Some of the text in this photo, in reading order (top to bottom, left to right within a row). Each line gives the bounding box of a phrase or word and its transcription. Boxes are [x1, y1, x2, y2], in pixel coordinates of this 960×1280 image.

--

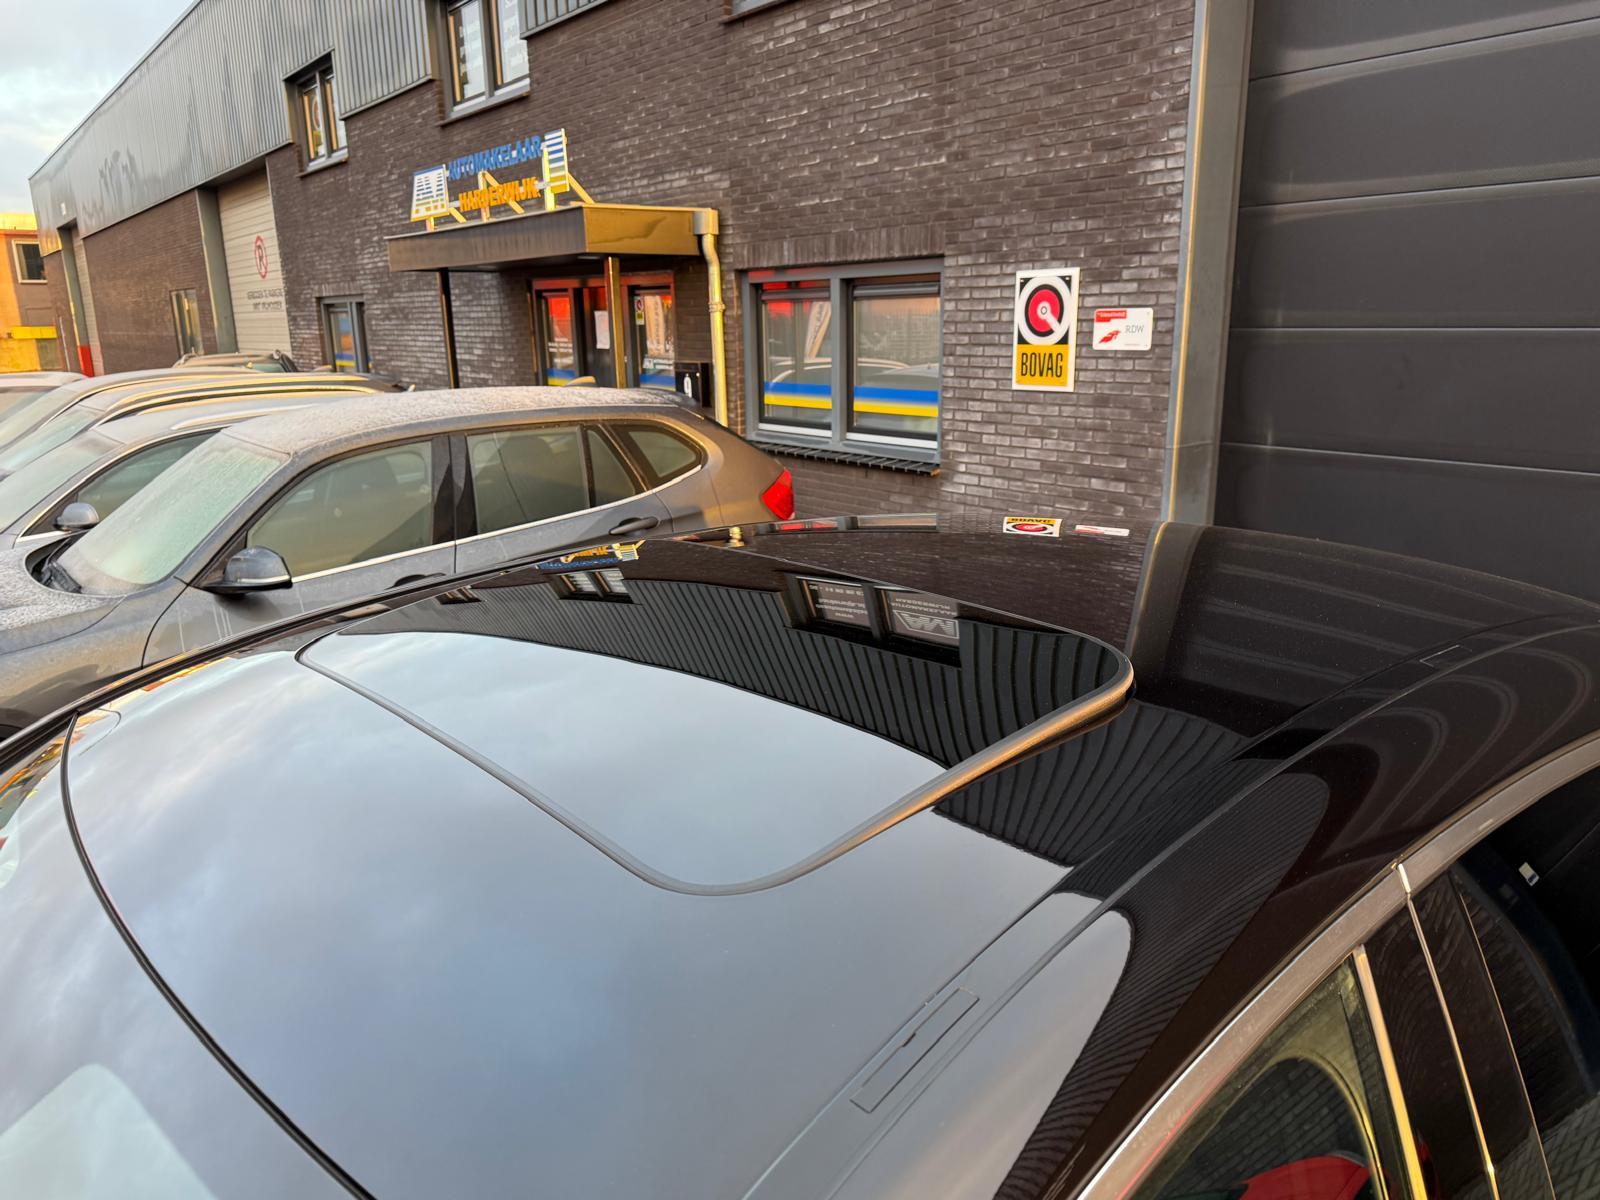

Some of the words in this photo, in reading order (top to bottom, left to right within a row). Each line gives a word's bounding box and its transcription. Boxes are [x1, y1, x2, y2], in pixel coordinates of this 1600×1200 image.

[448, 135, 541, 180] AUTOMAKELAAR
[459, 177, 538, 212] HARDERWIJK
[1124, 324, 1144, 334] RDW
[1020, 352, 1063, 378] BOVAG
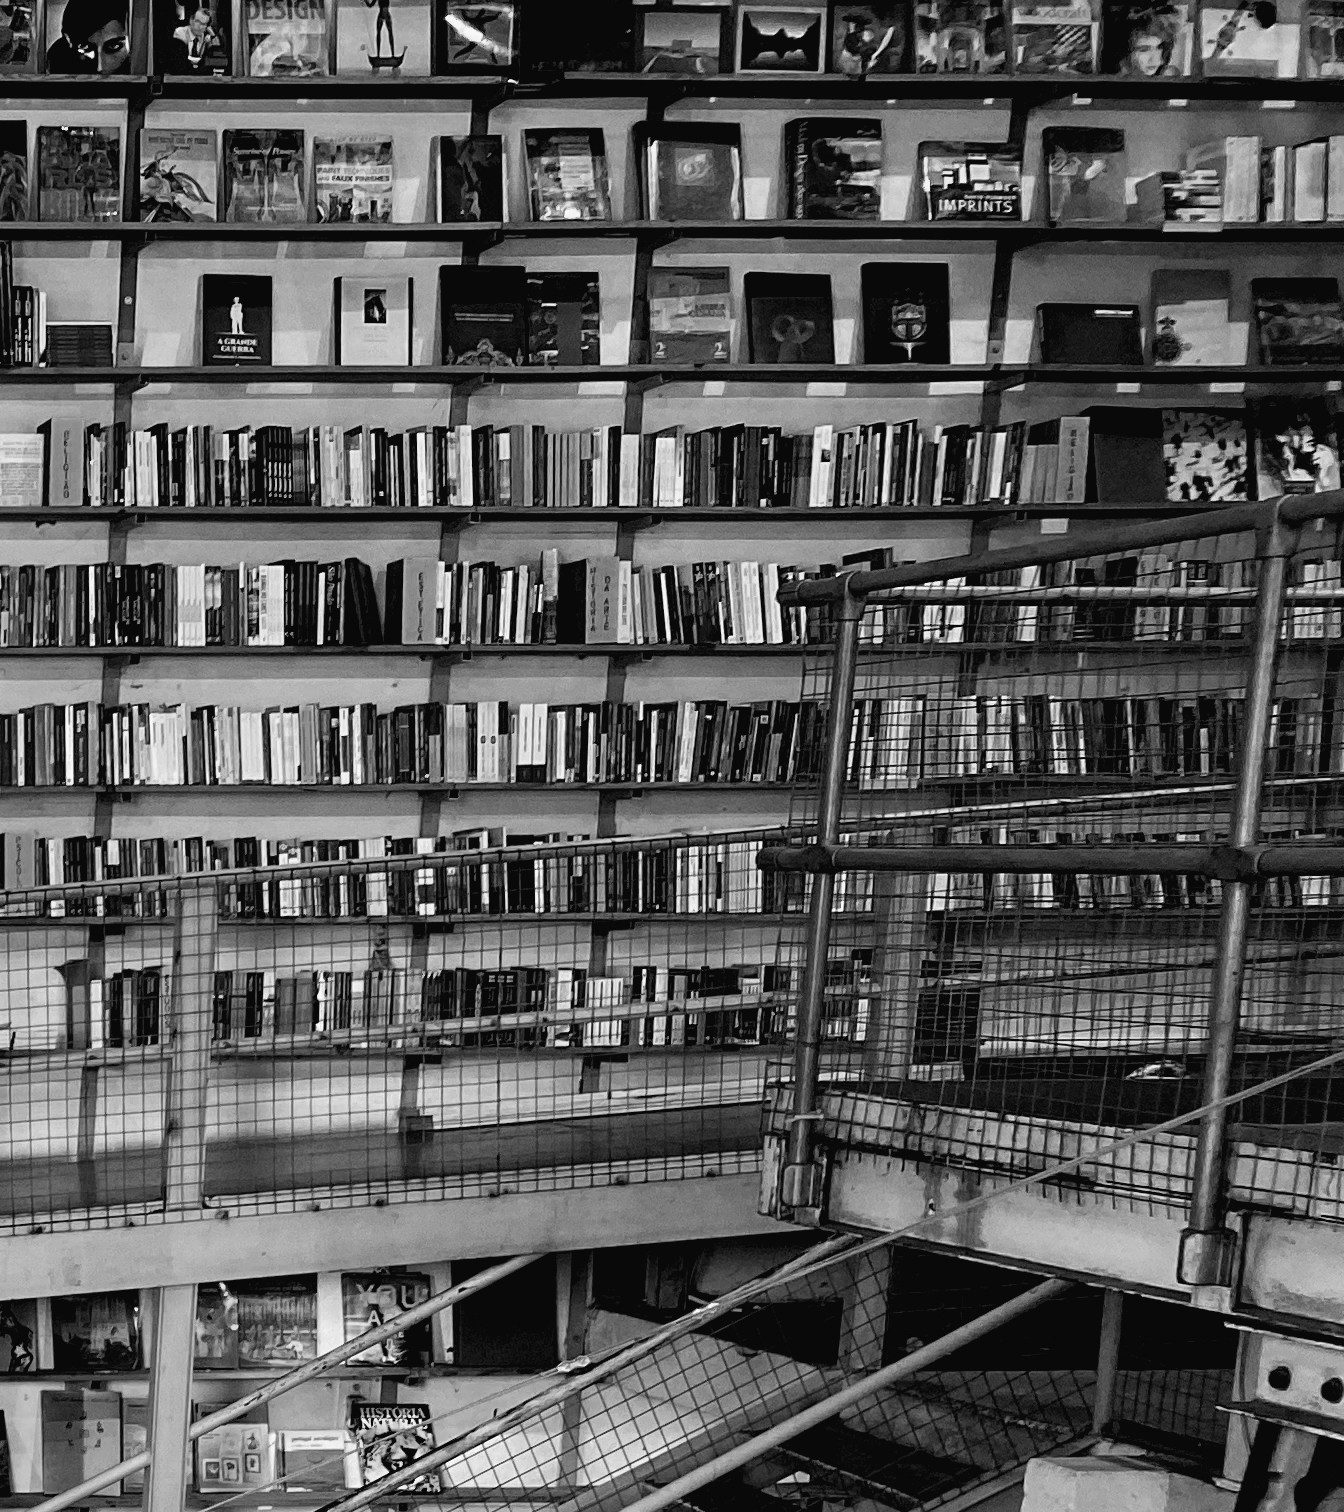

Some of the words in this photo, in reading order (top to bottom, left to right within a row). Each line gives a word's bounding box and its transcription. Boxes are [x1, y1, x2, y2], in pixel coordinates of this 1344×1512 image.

---

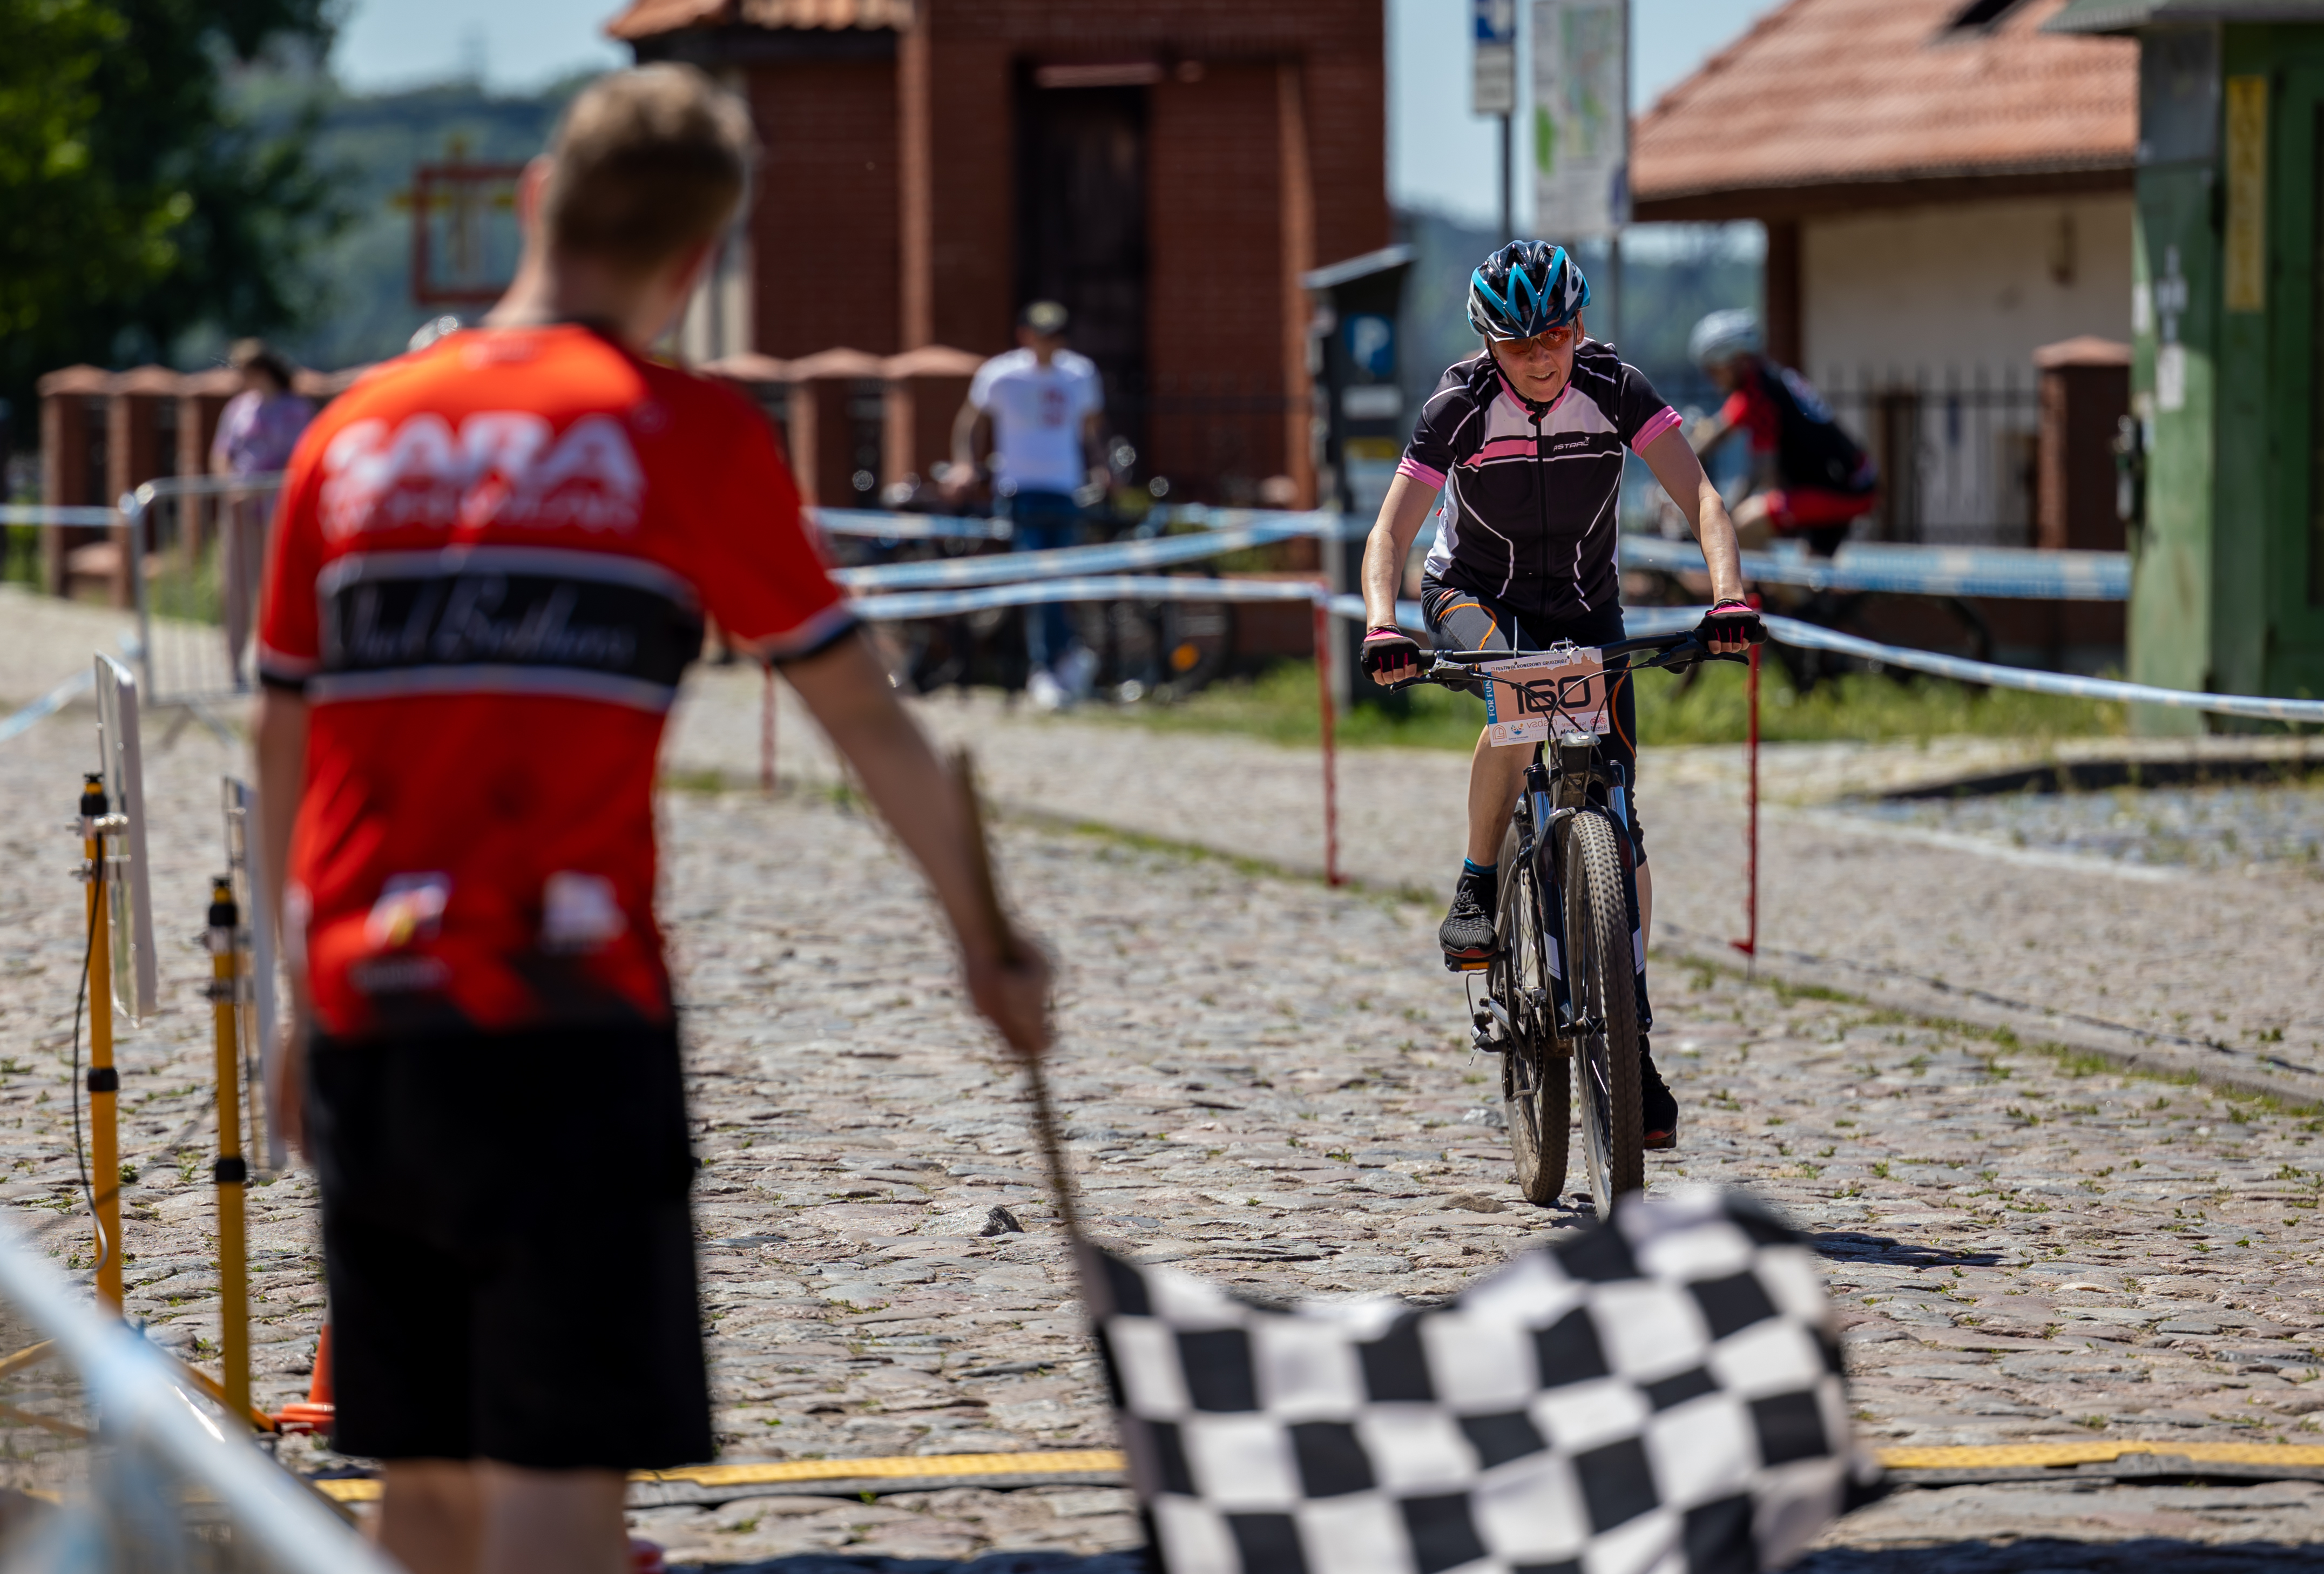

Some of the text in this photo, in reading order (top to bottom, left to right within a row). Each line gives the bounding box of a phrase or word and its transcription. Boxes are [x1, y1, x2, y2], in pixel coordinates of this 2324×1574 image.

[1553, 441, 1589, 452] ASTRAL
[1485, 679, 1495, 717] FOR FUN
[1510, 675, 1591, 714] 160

TASK DETAILS — Nothing but the lines above from the line with "this 1600×1200 image." up to and including the line with "this 1344×1512 image." should be returned, exactly as written and without pictures.

EXPECTED ANSWER —
Some of the words in this photo, in reading order (top to bottom, left to right within a row). Each line gives a word's bounding box and its transcription. Boxes are [x1, y1, x2, y2], in pixel coordinates of this 1600×1200 image.

[448, 135, 541, 180] AUTOMAKELAAR
[459, 177, 538, 212] HARDERWIJK
[1124, 324, 1144, 334] RDW
[1020, 352, 1063, 378] BOVAG

Some of the words in this photo, in reading order (top to bottom, left to right within a row). Each line gives a word's bounding box and its transcription. Boxes are [x1, y1, x2, y2], in pixel coordinates of this 1344×1512 image.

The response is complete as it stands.